IN 2005, an investment banker and real estate developer discovered a 200-hectare agricultural farm in the mountainous town of Alcoy, a two-hour drive south of Cebu City.

Six years later, the same plantation has now become the Philippines' largest coffee farm, located 700 meters above sea level, the area enjoys adequate rainfall and has so far managed to avoid bad weather for the past 15 years.

“It started with a pilot-test for Robusta (the variety used in most instant coffee brands) in a two-hectare land in Alcoy, Cebu in January last year. Now, we’re expecting our harvest in the third quarter of 2011,” said Noel Gonzales, president and chief executive officer of Corporate Holdings Management Inc.


For this project, the company has to spend P66,000 per hectare, or roughly 14 million for 2011 alone. Losses are expected until 2013 but forecast profits will come a year later.

Nonetheless, Gonzales believes that coffee delivers a reliable source of income.

“When global coffee prices went down in the early 2000s due to oversupply, some farmers converted their farms to more productive use or sold them altogether. Currently, prices went up again due to high demand and this presents an opportunity for us Filipinos to get a share of that market,” he said.

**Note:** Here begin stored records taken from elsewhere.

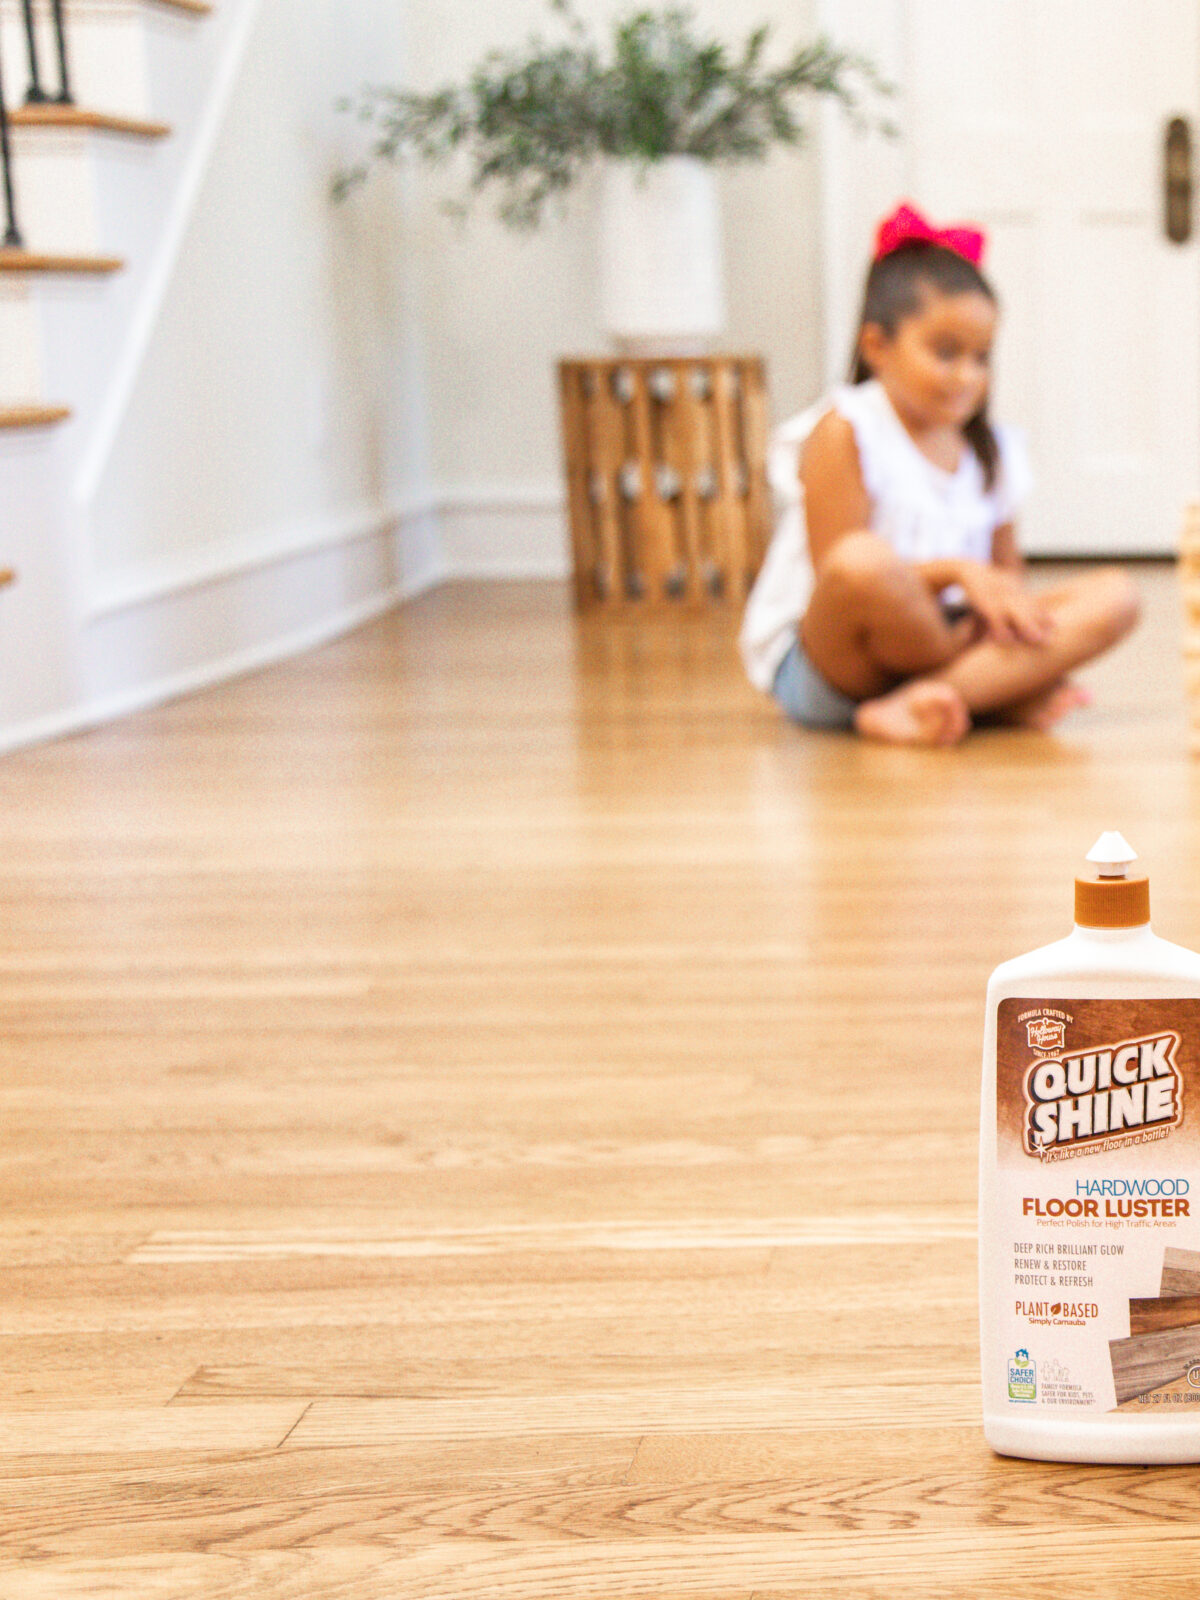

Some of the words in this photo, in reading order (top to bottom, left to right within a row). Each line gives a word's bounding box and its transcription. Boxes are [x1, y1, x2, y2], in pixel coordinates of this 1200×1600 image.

[1017, 1009, 1042, 1023] FORMULA
[1042, 1008, 1066, 1020] CRAFTED
[1031, 1036, 1173, 1102] QUICK
[1031, 1075, 1176, 1146] SHINE
[1046, 1149, 1058, 1163] It's
[1059, 1147, 1075, 1161] like
[1076, 1148, 1083, 1157] a
[1084, 1144, 1101, 1156] new
[1103, 1138, 1122, 1152] floor
[1124, 1135, 1133, 1147] in
[1134, 1136, 1141, 1145] a
[1142, 1127, 1170, 1143] bottle!
[1076, 1179, 1190, 1196] HARDWOOD
[1022, 1197, 1099, 1218] FLOOR
[1105, 1198, 1190, 1218] LUSTER
[1036, 1218, 1064, 1227] Perfect
[1066, 1219, 1090, 1228] Polish
[1091, 1219, 1103, 1228] for
[1105, 1219, 1124, 1230] High
[1126, 1220, 1151, 1228] Traffic
[1153, 1220, 1177, 1228] Areas
[1014, 1242, 1033, 1254] DEEP
[1035, 1243, 1054, 1255] RICH
[1057, 1243, 1098, 1256] BRILLIANT
[1100, 1244, 1125, 1256] GLOW
[1014, 1258, 1042, 1270] RENEW
[1044, 1260, 1050, 1270] &
[1052, 1260, 1087, 1271] RESTORE
[1014, 1274, 1048, 1286] PROTECT
[1050, 1276, 1056, 1286] &
[1059, 1276, 1094, 1288] REFRESH
[1015, 1301, 1050, 1317] PLANT
[1063, 1302, 1099, 1318] BASED
[1028, 1317, 1052, 1327] Simply
[1052, 1318, 1087, 1327] Carnauba
[1009, 1368, 1034, 1378] SAFER
[1009, 1376, 1034, 1385] CHOICE

A kilo of coffee beans costs around P106 in this week’s trading as traditional tea lovers China and India have gradually acquired the taste for coffee.

But all is not well.

MANILA. The government and the private sector have joined efforts to increase production of coffee to reduce dependence on imports and support local growers. (Virgil Lopez/Sunnex)

Industry group Philippine Coffee Board has since conceded the fight to global powerhouses Indonesia and Vietnam in terms of volume as production even fell short of meeting local demands.

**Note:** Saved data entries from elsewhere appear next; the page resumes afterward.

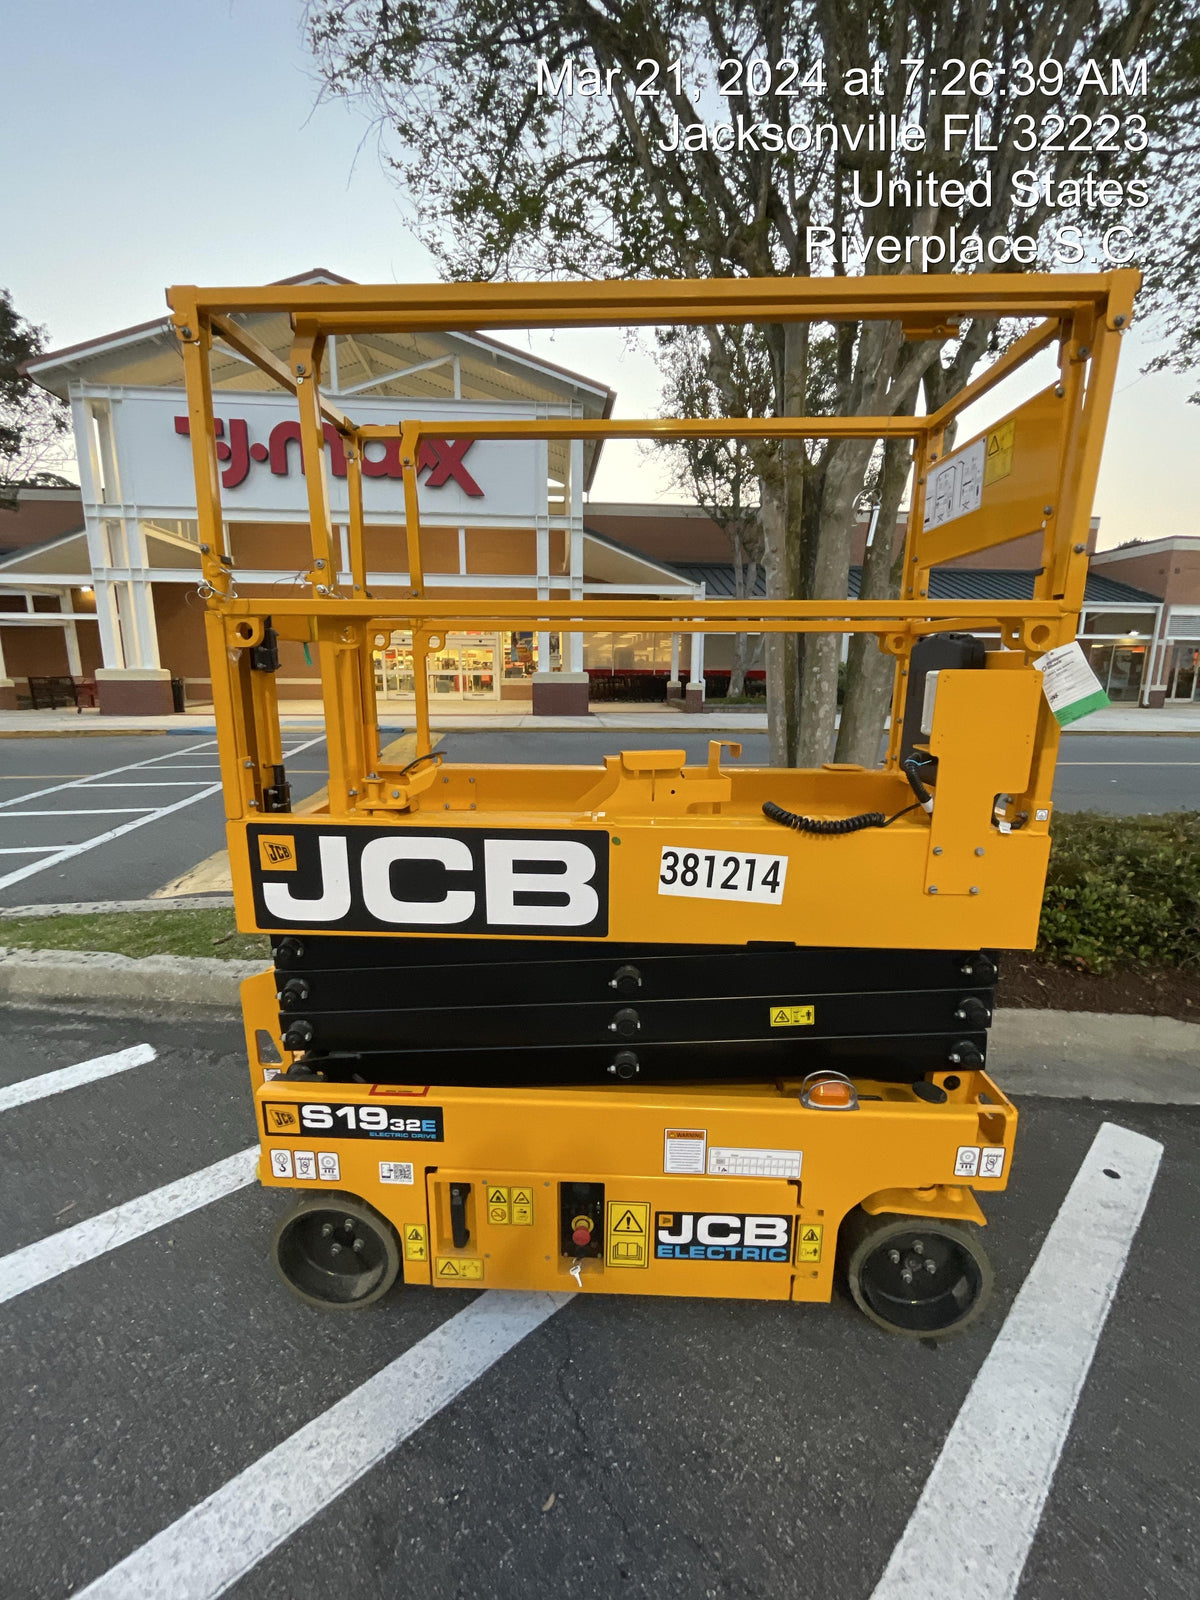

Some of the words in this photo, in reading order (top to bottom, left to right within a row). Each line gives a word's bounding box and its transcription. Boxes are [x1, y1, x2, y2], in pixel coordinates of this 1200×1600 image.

[266, 842, 292, 864] JCB
[263, 835, 599, 926] JCB
[660, 851, 780, 893] 381214
[275, 1110, 295, 1127] JCB
[369, 1131, 409, 1139] ELECTRIC
[658, 1214, 788, 1247] JCB
[657, 1245, 787, 1262] ELECTRIC

From a top exporter during the latter years of the Spanish colonization to being a current net importer, the Philippines sagging output is influenced by various factors like urbanization, not to mention lack of sufficient government support to rejuvenate the coffee trade.

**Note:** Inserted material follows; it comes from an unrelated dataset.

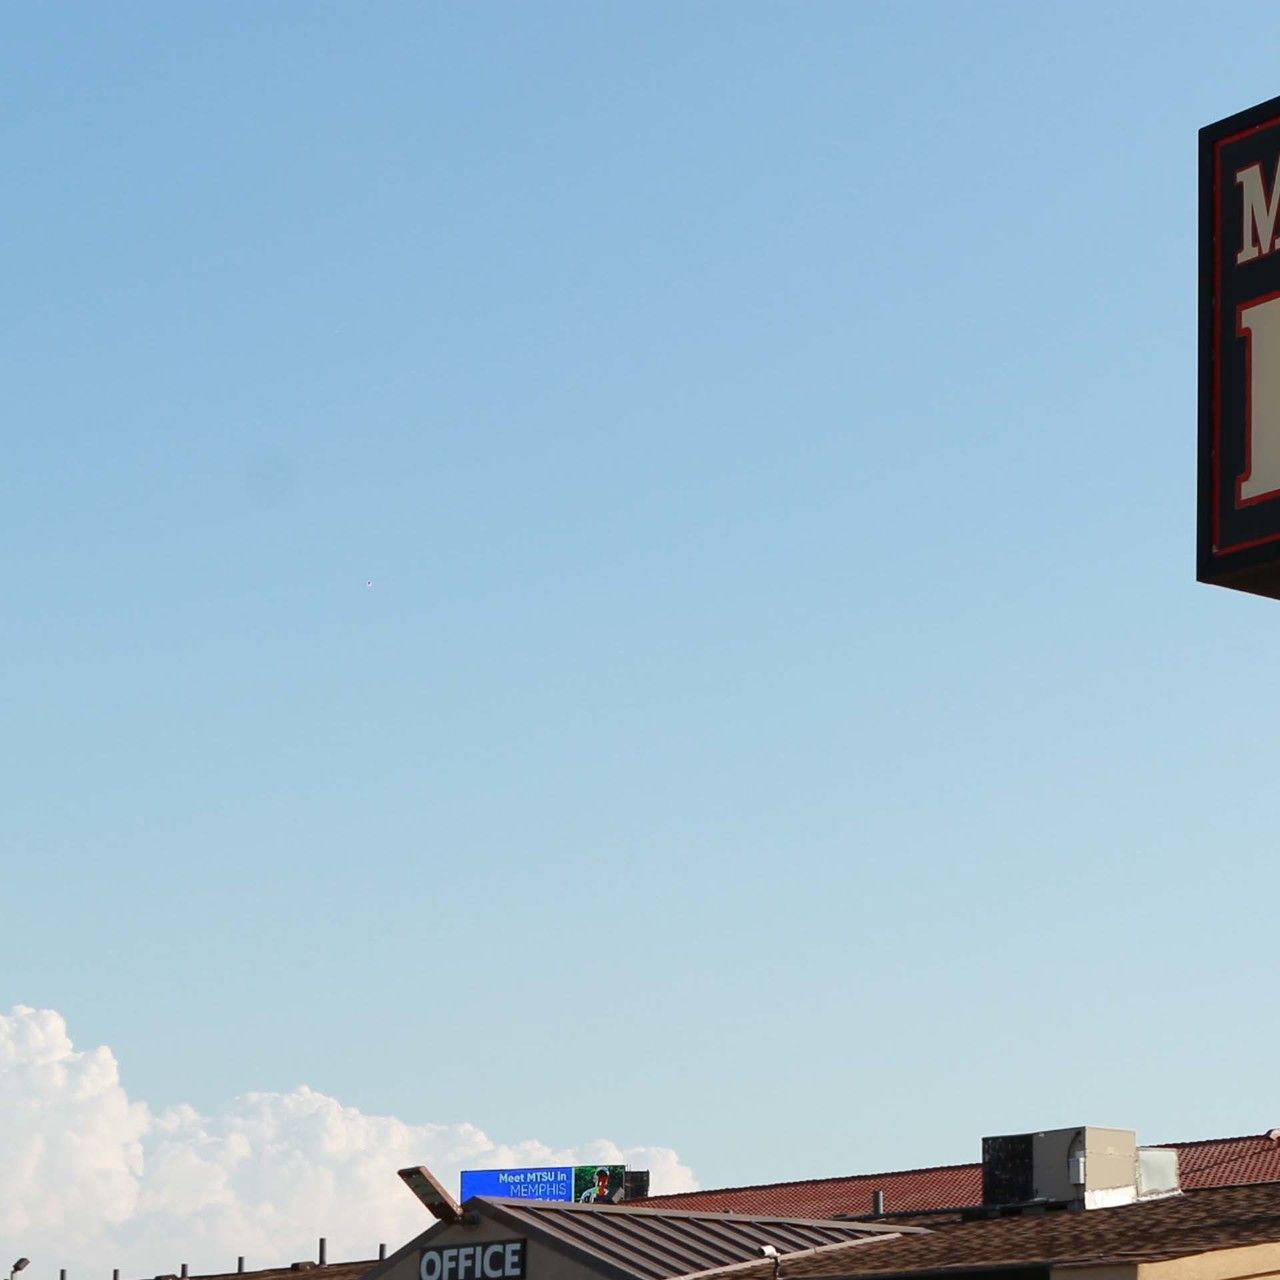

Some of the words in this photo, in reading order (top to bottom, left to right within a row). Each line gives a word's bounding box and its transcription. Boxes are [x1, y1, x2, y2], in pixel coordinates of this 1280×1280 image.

[499, 1173, 525, 1184] Meet
[527, 1171, 555, 1182] MTSU
[510, 1182, 567, 1197] MEMPHIS

Total area cultivated with coffee has fallen from 130,000 hectares in 1989 to about 75,000 hectares in 2006, according to the Department of Agriculture.

Filipinos also consume around 64,000 metric tons yearly but the country only produces more than 35,000 MT.

The projected shortfall of over 20,000 MT this year is likely to be captured by Indonesia and Vietnam, whose citizens also inclined to consume the Robusta variety.

Changing lifestyle hikes demand for caffeine fix

In a study by market research group Nielsen last year, around 94 percent of households in the Philippines have coffee and is the second most bought item next to sauces and seasonings.

The product, which was first brought to the country by a Franciscan friar in 1749, is now the most drank beverage inside the household next to water, Nielsen added.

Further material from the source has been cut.